Task to carry out: The reply should hold every record, copied exactly, and none of the pictures.

(Collected data)
━━━━━━

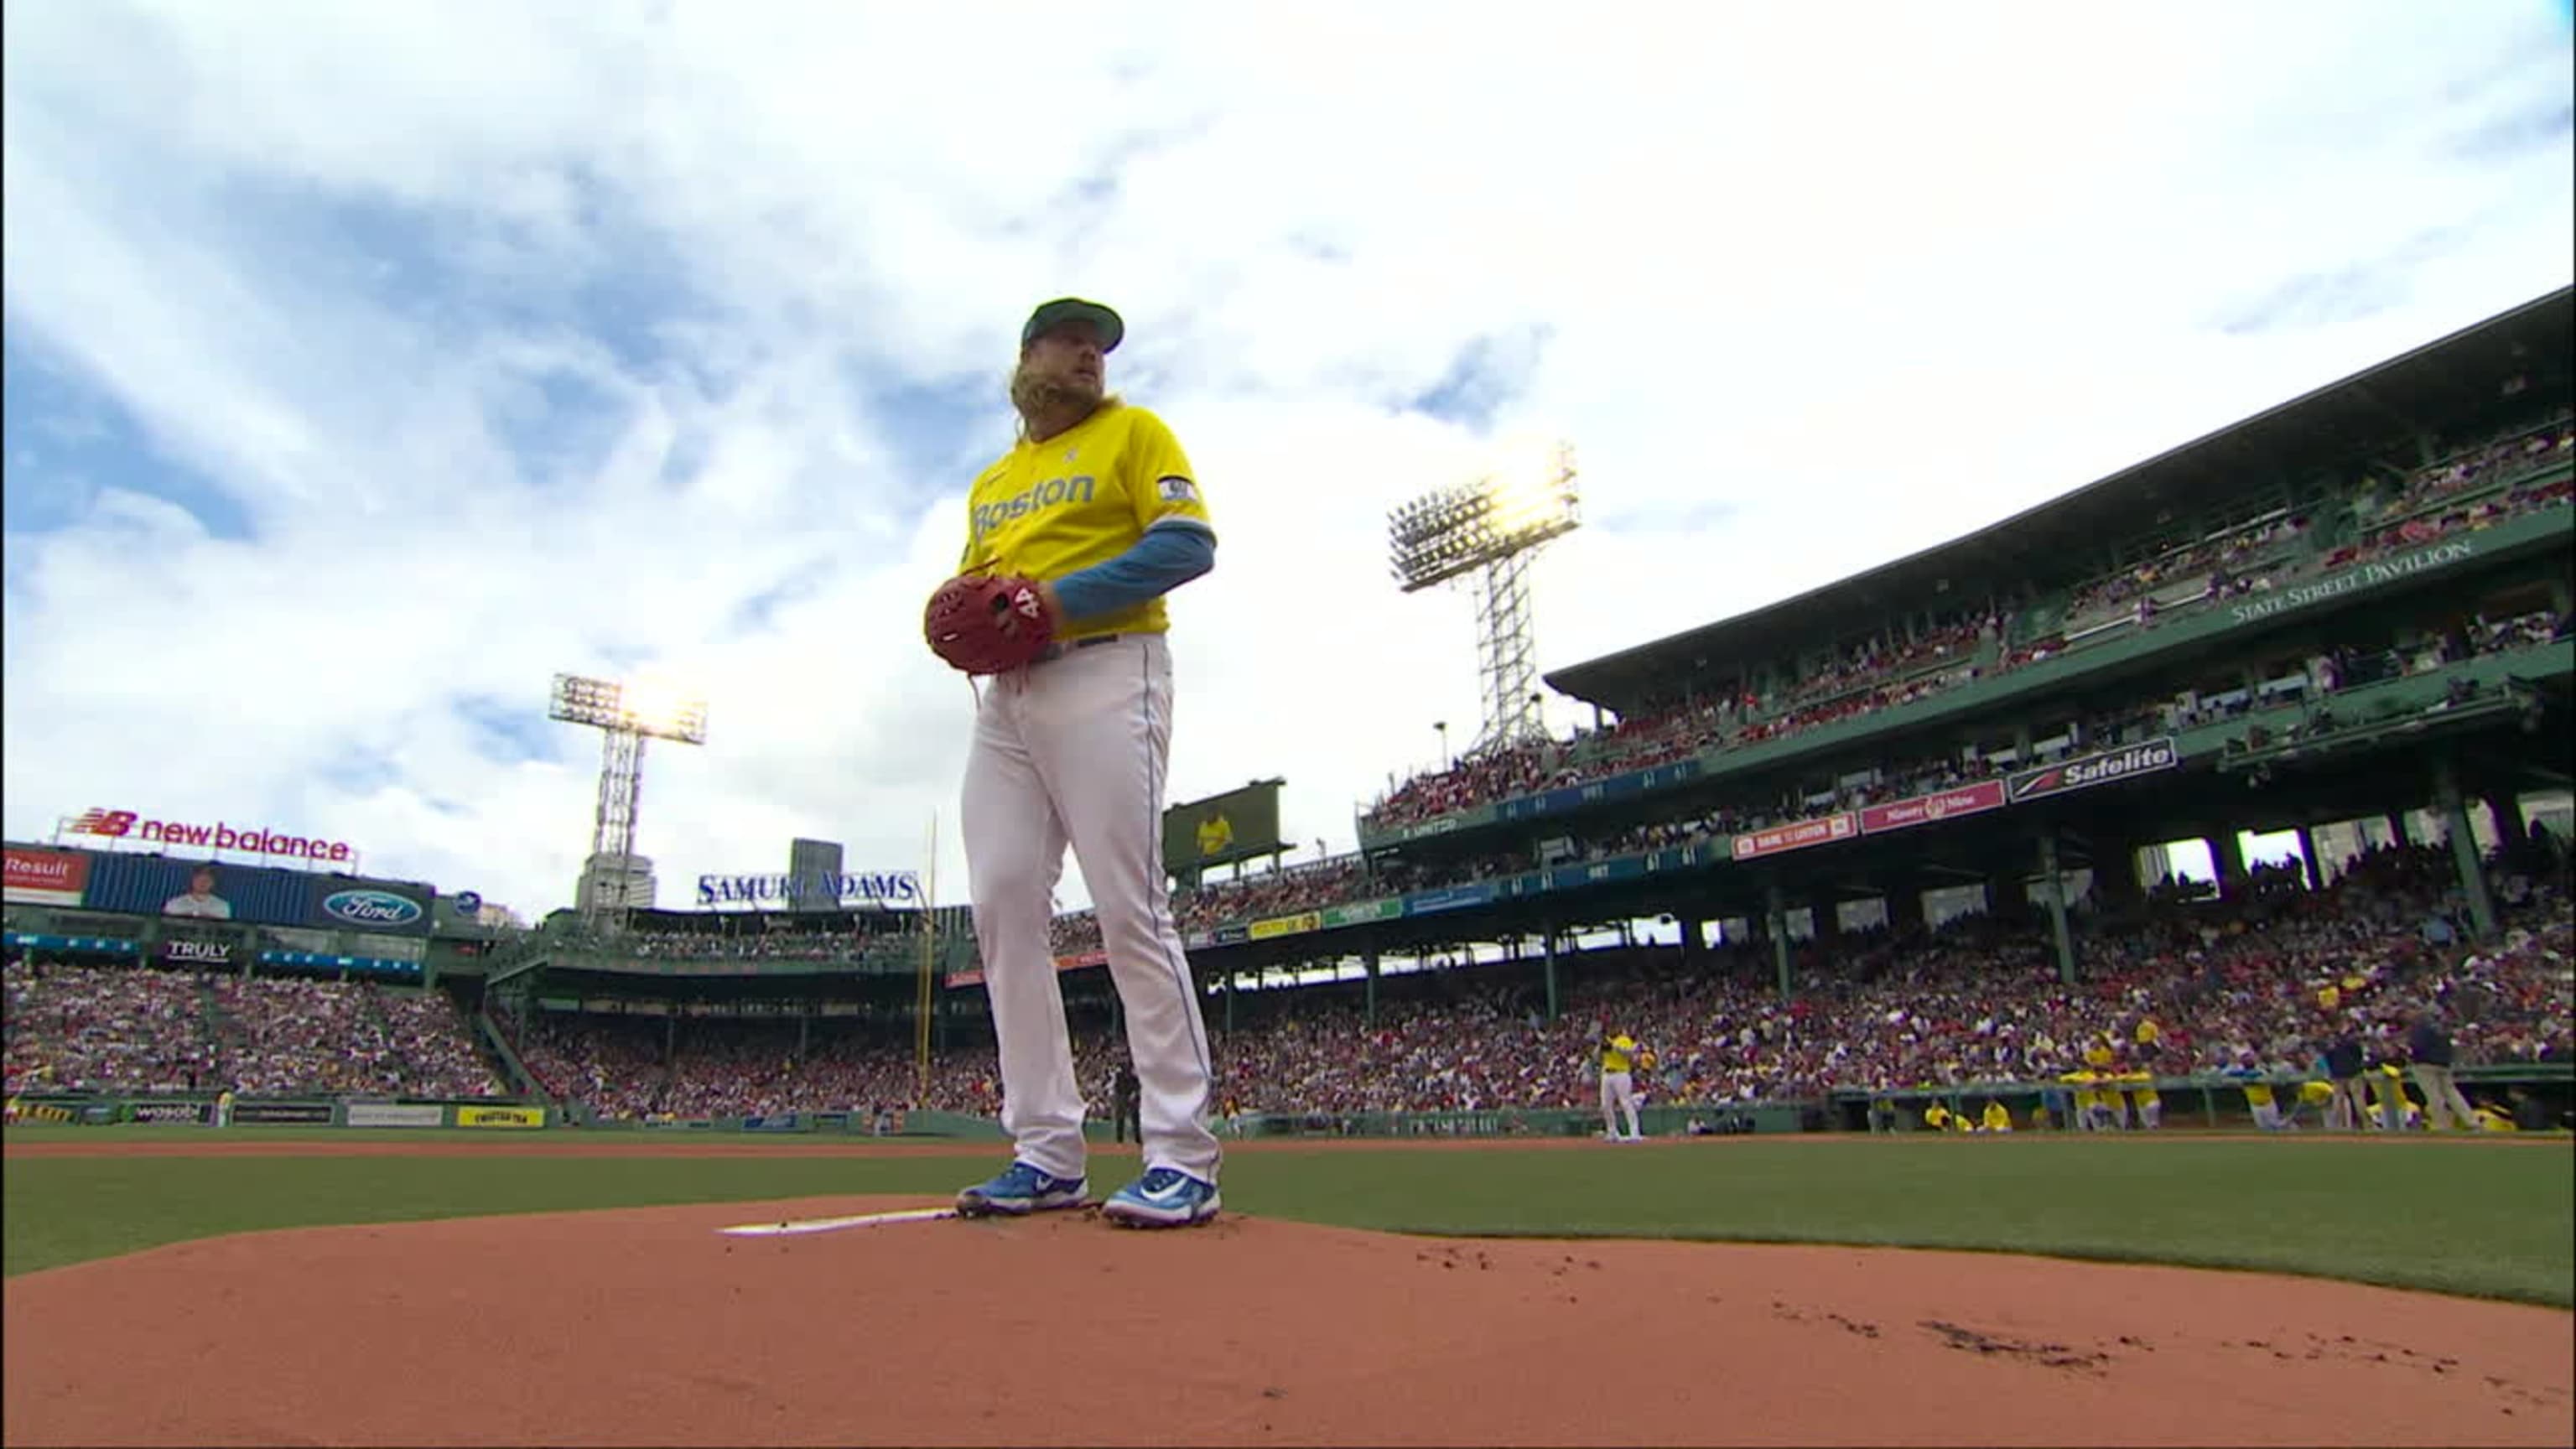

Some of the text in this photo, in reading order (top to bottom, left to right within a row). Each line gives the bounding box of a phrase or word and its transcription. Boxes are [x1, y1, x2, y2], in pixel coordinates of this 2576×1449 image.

[974, 475, 1095, 543] Boston
[2231, 541, 2472, 623] STATE STREET PAVILION
[2065, 747, 2170, 785] Safelite
[142, 820, 210, 845] new
[216, 821, 349, 861] balance
[819, 870, 916, 900] ADAMS
[342, 896, 403, 920] Ford
[169, 940, 231, 958] TRULY

━━━━━━

Completed exercise:
Some of the text in this photo, in reading order (top to bottom, left to right within a row). Each line gives the bounding box of a phrase or word and its transcription. Boxes are [x1, y1, x2, y2], in pixel coordinates of this 2576×1449 image.

[974, 475, 1095, 543] Boston
[2231, 541, 2472, 623] STATE STREET PAVILION
[2065, 747, 2170, 785] Safelite
[142, 820, 210, 845] new
[216, 821, 349, 861] balance
[819, 870, 916, 900] ADAMS
[342, 896, 403, 920] Ford
[169, 940, 231, 958] TRULY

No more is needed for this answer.